Data for processing:
┌──

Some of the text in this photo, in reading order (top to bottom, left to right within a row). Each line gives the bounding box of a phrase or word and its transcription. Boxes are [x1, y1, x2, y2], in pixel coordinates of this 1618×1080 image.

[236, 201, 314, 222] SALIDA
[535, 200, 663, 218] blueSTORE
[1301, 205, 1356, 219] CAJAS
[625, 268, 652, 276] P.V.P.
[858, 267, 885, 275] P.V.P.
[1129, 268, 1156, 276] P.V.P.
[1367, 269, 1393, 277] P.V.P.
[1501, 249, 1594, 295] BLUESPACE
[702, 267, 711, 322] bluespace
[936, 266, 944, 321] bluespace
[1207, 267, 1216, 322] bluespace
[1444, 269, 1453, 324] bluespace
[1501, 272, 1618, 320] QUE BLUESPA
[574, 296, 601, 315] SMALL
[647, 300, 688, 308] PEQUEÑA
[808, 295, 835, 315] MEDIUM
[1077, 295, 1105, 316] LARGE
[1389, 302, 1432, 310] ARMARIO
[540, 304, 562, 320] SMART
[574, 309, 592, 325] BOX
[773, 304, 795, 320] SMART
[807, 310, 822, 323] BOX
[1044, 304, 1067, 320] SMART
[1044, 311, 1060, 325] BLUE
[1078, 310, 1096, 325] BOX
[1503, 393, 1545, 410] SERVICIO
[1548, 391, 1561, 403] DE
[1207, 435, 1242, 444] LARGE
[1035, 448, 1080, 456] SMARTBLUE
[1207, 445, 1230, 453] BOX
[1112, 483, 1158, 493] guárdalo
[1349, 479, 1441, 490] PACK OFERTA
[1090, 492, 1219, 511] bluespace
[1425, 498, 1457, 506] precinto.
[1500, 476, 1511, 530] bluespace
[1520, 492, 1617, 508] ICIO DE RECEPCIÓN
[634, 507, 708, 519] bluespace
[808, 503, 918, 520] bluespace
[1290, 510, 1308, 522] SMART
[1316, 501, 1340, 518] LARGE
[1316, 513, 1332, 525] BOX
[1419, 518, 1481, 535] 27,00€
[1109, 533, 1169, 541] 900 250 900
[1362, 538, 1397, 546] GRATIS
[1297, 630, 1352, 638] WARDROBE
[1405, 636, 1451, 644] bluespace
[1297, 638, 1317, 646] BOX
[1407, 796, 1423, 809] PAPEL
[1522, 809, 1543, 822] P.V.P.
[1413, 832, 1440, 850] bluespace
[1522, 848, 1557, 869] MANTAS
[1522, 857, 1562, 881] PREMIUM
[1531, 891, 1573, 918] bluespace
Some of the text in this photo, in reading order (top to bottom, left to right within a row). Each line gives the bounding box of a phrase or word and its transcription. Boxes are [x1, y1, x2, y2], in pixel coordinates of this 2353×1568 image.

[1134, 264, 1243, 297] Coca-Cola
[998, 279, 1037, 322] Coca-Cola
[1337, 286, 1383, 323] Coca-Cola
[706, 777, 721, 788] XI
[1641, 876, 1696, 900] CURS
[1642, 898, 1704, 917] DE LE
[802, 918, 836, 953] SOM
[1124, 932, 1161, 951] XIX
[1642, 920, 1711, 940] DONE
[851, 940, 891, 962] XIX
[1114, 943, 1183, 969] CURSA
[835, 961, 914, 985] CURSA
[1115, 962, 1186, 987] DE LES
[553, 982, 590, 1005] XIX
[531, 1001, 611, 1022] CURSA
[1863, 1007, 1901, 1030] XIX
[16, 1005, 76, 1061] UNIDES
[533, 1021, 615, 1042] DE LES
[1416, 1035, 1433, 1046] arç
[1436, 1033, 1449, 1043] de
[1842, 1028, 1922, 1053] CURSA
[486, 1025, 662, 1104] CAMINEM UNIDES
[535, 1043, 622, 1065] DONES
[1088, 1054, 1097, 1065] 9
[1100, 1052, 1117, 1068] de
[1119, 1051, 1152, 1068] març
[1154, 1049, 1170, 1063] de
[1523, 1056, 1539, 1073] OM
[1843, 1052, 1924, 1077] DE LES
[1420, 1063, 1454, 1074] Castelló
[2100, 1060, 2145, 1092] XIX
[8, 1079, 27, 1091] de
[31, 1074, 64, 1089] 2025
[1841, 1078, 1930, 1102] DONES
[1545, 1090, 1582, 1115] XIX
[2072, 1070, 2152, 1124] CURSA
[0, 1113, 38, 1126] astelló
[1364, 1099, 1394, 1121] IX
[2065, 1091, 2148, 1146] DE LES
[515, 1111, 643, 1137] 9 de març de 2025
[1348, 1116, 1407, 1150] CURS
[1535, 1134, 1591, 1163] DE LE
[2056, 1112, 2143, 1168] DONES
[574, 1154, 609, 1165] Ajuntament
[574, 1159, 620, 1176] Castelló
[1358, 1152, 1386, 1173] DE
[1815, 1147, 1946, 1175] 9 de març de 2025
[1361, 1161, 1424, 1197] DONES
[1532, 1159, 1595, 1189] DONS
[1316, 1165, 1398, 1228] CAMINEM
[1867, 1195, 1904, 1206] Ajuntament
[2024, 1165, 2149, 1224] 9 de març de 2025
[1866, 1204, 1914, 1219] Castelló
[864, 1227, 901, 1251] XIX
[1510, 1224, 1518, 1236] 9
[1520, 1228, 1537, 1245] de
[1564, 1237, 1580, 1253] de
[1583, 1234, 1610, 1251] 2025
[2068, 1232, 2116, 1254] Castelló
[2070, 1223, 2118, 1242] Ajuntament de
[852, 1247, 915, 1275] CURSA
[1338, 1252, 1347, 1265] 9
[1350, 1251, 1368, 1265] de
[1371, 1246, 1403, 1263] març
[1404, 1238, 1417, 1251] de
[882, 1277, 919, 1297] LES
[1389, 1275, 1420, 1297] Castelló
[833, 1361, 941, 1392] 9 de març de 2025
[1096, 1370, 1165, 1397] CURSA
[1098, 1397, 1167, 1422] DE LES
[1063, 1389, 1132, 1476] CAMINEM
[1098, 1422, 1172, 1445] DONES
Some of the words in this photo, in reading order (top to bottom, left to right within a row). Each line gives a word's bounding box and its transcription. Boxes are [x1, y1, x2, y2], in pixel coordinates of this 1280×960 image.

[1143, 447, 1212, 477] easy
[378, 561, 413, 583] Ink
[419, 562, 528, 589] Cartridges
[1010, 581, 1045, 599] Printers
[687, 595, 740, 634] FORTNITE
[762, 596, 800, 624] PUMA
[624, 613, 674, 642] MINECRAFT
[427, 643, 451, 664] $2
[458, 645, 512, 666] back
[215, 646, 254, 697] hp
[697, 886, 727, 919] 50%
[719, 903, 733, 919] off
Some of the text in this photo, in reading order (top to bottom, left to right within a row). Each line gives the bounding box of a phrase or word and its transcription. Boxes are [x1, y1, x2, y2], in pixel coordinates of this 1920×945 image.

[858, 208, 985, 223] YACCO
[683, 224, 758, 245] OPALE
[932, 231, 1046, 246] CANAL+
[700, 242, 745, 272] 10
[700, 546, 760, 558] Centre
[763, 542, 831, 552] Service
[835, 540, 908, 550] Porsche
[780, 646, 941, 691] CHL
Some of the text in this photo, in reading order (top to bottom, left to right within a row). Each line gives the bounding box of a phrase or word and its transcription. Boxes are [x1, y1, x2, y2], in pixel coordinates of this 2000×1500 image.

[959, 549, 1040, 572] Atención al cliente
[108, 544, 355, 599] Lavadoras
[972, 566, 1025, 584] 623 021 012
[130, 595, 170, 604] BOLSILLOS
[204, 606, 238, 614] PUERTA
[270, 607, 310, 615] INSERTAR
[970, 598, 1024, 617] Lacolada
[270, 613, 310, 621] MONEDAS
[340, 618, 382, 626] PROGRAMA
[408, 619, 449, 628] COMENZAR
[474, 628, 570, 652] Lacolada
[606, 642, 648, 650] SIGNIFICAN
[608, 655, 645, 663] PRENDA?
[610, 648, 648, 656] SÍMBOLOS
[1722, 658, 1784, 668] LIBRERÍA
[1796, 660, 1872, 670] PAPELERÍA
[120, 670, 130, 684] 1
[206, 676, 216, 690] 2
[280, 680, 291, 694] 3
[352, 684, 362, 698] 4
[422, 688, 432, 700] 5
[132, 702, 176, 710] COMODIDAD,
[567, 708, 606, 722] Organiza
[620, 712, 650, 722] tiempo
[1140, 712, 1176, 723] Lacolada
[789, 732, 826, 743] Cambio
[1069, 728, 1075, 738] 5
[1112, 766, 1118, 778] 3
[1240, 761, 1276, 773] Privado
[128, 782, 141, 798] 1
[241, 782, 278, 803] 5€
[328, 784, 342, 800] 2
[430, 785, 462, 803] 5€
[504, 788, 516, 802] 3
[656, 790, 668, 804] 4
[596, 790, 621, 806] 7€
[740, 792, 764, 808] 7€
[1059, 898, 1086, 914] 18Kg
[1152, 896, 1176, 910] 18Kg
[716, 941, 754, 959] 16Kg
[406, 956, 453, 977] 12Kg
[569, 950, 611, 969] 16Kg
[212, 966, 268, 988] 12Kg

└──

Problem to work on:
In the listing above, the line with "this 1920×945 image." and every line after it must be set down word for word, and no other line.

Worked solution:
Some of the text in this photo, in reading order (top to bottom, left to right within a row). Each line gives the bounding box of a phrase or word and its transcription. Boxes are [x1, y1, x2, y2], in pixel coordinates of this 1920×945 image.

[858, 208, 985, 223] YACCO
[683, 224, 758, 245] OPALE
[932, 231, 1046, 246] CANAL+
[700, 242, 745, 272] 10
[700, 546, 760, 558] Centre
[763, 542, 831, 552] Service
[835, 540, 908, 550] Porsche
[780, 646, 941, 691] CHL
Some of the text in this photo, in reading order (top to bottom, left to right within a row). Each line gives the bounding box of a phrase or word and its transcription. Boxes are [x1, y1, x2, y2], in pixel coordinates of this 2000×1500 image.

[959, 549, 1040, 572] Atención al cliente
[108, 544, 355, 599] Lavadoras
[972, 566, 1025, 584] 623 021 012
[130, 595, 170, 604] BOLSILLOS
[204, 606, 238, 614] PUERTA
[270, 607, 310, 615] INSERTAR
[970, 598, 1024, 617] Lacolada
[270, 613, 310, 621] MONEDAS
[340, 618, 382, 626] PROGRAMA
[408, 619, 449, 628] COMENZAR
[474, 628, 570, 652] Lacolada
[606, 642, 648, 650] SIGNIFICAN
[608, 655, 645, 663] PRENDA?
[610, 648, 648, 656] SÍMBOLOS
[1722, 658, 1784, 668] LIBRERÍA
[1796, 660, 1872, 670] PAPELERÍA
[120, 670, 130, 684] 1
[206, 676, 216, 690] 2
[280, 680, 291, 694] 3
[352, 684, 362, 698] 4
[422, 688, 432, 700] 5
[132, 702, 176, 710] COMODIDAD,
[567, 708, 606, 722] Organiza
[620, 712, 650, 722] tiempo
[1140, 712, 1176, 723] Lacolada
[789, 732, 826, 743] Cambio
[1069, 728, 1075, 738] 5
[1112, 766, 1118, 778] 3
[1240, 761, 1276, 773] Privado
[128, 782, 141, 798] 1
[241, 782, 278, 803] 5€
[328, 784, 342, 800] 2
[430, 785, 462, 803] 5€
[504, 788, 516, 802] 3
[656, 790, 668, 804] 4
[596, 790, 621, 806] 7€
[740, 792, 764, 808] 7€
[1059, 898, 1086, 914] 18Kg
[1152, 896, 1176, 910] 18Kg
[716, 941, 754, 959] 16Kg
[406, 956, 453, 977] 12Kg
[569, 950, 611, 969] 16Kg
[212, 966, 268, 988] 12Kg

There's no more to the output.